The new fleeceware has been discovered by Sophos Labs. Researchers state that the app developers take advantage of a business model available within the Play Market ecosystem in which users can download and use these apps at no charge for a short trial period. After the expiry of the trial period, if users download and install any of these apps, such apps charges the user. For normal apps, this costs only a fraction cost; but the publishers or developers of fraudulent apps routinely charge users premium amount (Rupees, Dollars, Euros, depending on the geographic region in which the user resides).
As far as these apps are concerned, Sophos researchers state that these do not appear to be malicious or contain malicious code; some of these apps may even have useful (if redundant) functionality. However, it’s hard to imagine that anyone who is charged hundreds of dollars for a simple barcode reader or photo filter would consider such an expense “potentially unwanted” – nobody desires this, obviously. Because these apps exist in a categorical grey area that is not overtly malware and thereby is not a potentially unwanted app (PUA), researchers state that they hence coined the term fleeceware, because their defining characteristic is that they hugely overcharge users for functionality that’s widely available in free or low-cost apps. Sophos is even said to have shared, a list of fifteen apps exhibiting the above behaviour, to Google. The internet giant also reportedly removed some of these apps, from the Play Store Researchers state that 14 of the 15 apps intimated to Google are now removed. Because the apps themselves are not found to be engaging in any kind of traditionally malicious activity, they have been found to defy the rules that would otherwise make it easy for Google to justify removing them from the Play Market. Their developers also seem to be very good at staying under the radar from security vendors. Even so, there are other characteristics of these apps that make them less-than-desirable, inform Sophos researchers.
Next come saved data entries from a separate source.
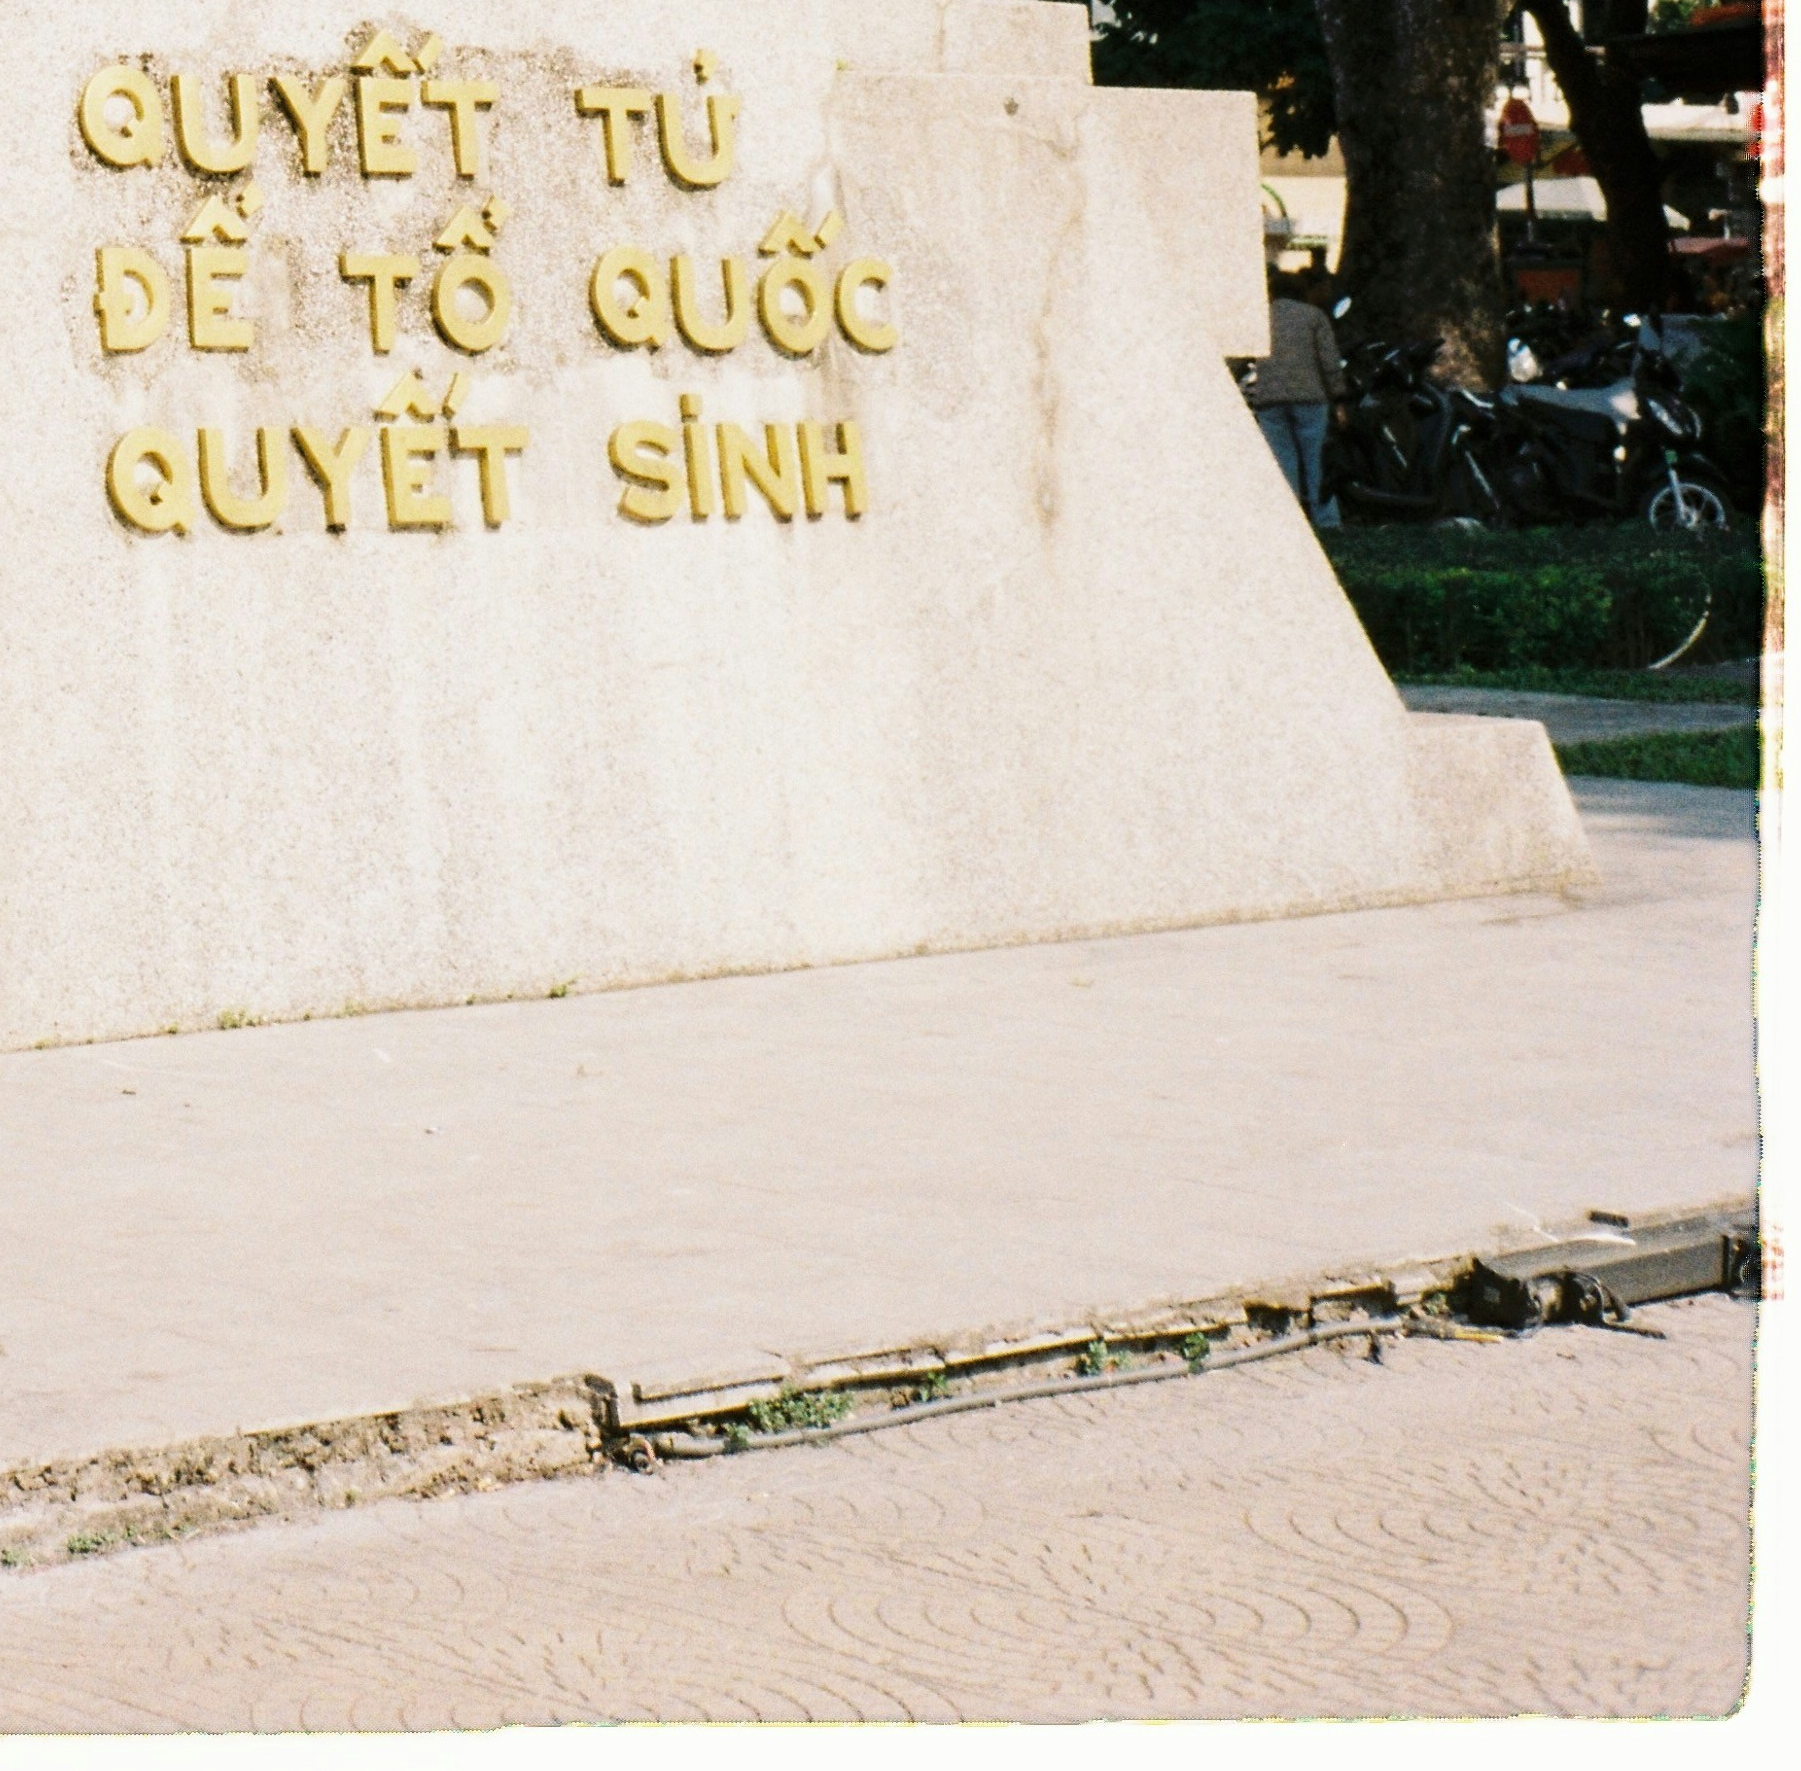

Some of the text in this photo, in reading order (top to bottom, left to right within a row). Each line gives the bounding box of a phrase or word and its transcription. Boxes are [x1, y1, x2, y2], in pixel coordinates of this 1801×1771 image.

[77, 29, 741, 191] QUYẾT TỬ
[338, 194, 512, 356] TỔ
[588, 208, 898, 356] QUỐC
[105, 371, 530, 537] QUYẾT
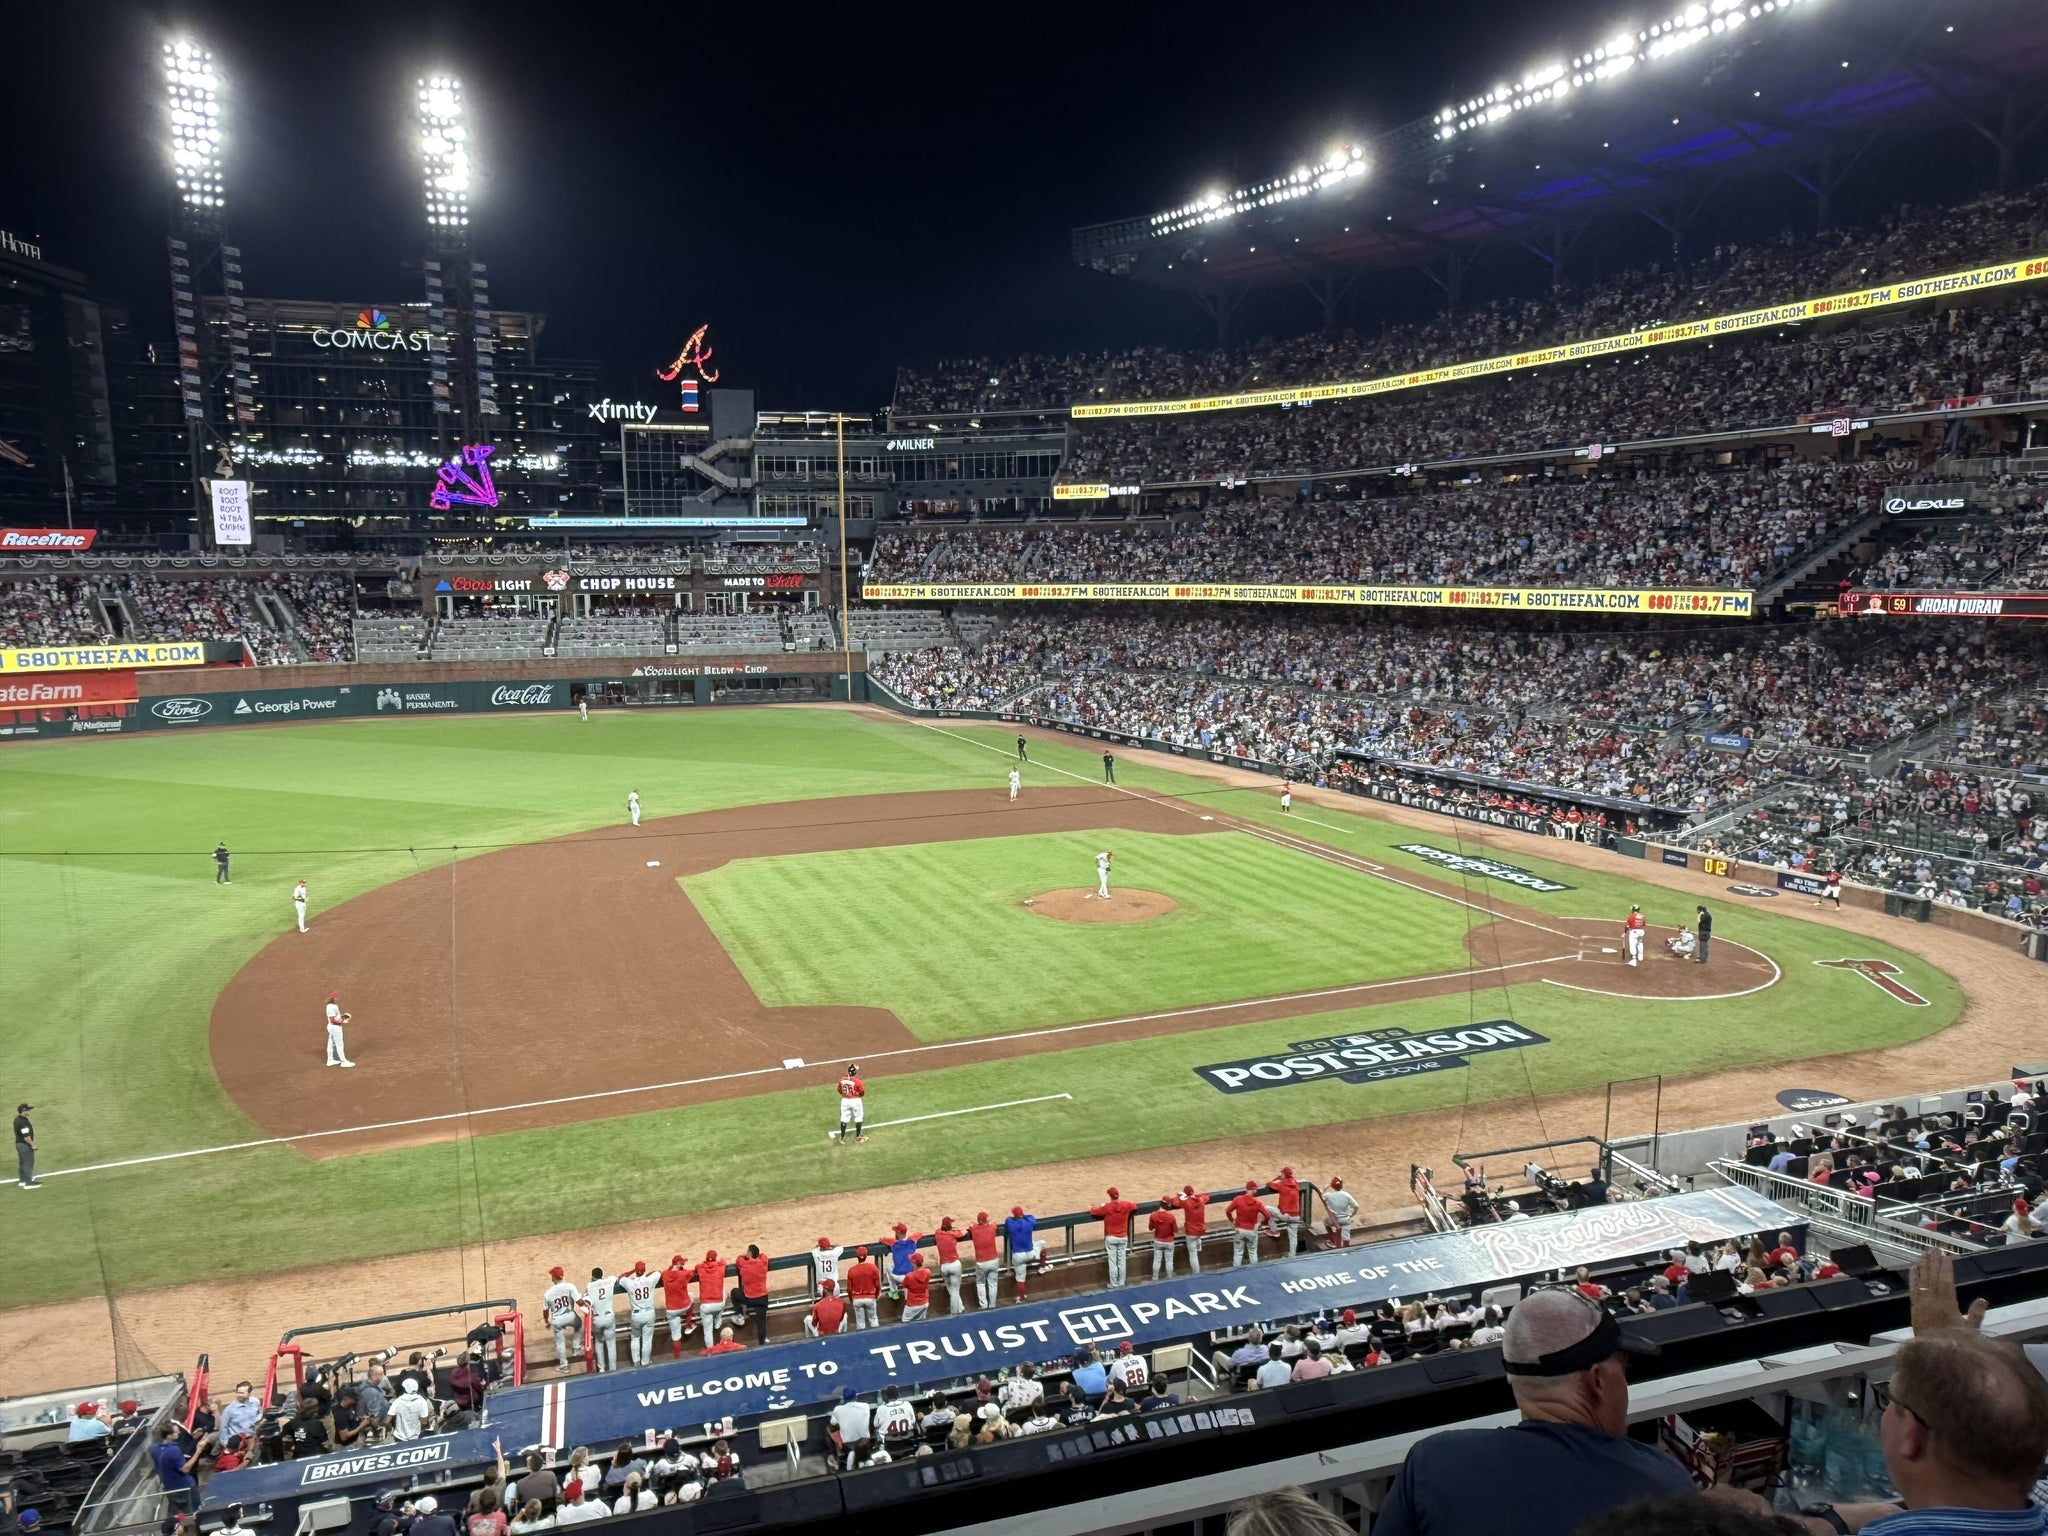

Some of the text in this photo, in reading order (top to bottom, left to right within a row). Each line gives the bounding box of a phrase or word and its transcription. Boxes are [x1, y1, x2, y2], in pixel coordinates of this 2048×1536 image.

[1714, 304, 1807, 331] 680THEFAN.COM
[1813, 300, 1832, 314] 680
[1898, 266, 2018, 299] 680THEFAN.COM
[313, 329, 434, 352] COMCAST
[588, 398, 658, 424] xfinity
[896, 438, 934, 450] MILNER
[219, 488, 239, 496] ROOT
[220, 496, 239, 505] ROOT
[1907, 499, 1964, 510] LEXUS
[220, 506, 242, 514] ROOT
[2, 532, 86, 546] RaceTrac
[452, 576, 532, 591] Coors LIGHT
[580, 577, 675, 590] CHOP HOUSE
[724, 577, 751, 587] MADE
[752, 577, 765, 586] TO
[931, 587, 1016, 597] 680THEFAN.COM
[1022, 587, 1039, 597] 680
[1092, 587, 1169, 597] 680THEFAN.COM
[1175, 587, 1191, 597] 680
[1234, 588, 1297, 599] 680THEFAN.COM
[1360, 590, 1442, 604] 680THEFAN.COM
[1449, 591, 1466, 604] 680
[1527, 592, 1640, 608] 680THEFAN.COM
[1648, 594, 1673, 610] 680
[1893, 598, 2003, 614] 59 JHOAN DURAN
[16, 646, 201, 668] 680THEFAN.COM
[644, 665, 672, 677] Coors
[673, 667, 700, 676] LIGHT
[745, 665, 768, 674] CHOP
[32, 683, 82, 701] Farm
[406, 693, 431, 701] KAISER
[491, 684, 554, 706] Coca-Cola
[163, 701, 201, 716] Ford
[255, 698, 337, 714] Georgia Power
[406, 701, 456, 709] PERMANENTE
[84, 719, 122, 730] National
[1400, 844, 1567, 891] POSTSEASON
[1209, 1025, 1533, 1088] POSTSEASON
[1367, 1061, 1441, 1078] abbvie
[821, 1260, 832, 1273] 13
[598, 1288, 606, 1300] 2
[634, 1286, 650, 1301] 88
[637, 1257, 1444, 1408] WELCOME TO TRUIST PARK HOME OF THE
[1125, 1368, 1145, 1387] 28
[887, 1418, 909, 1435] 40
[310, 1445, 441, 1481] BRAVES.COM
Nature of these apps is simple. In most cases, there are free alternatives from well-known vendors already available on the Play Market. “The makers of an app called Professional GIF Maker charges users €214.99 when the trial ends. We haven’t seen apps sold at this price before. It’s a business model that walks a fine ethical line, but it is apparently successful,” state researchers at Sophos. “Some percentage of users will fail to cancel the trial, even if they intend to do so, and the app makers earn their keep on the backs of users who forget to unsubscribe, or ask for a refund within the short window in which they can do so.” "From the user reviews on the Play Market store, it’s clear that many users who installed these apps and were subsequently charged extortionate fees are understandably furious. Users indicated that they were charged different amounts based on their geographic region. Some people are asking Google to take these apps down, and some want get a refund." add researchers. (Main image credit: Pixabay).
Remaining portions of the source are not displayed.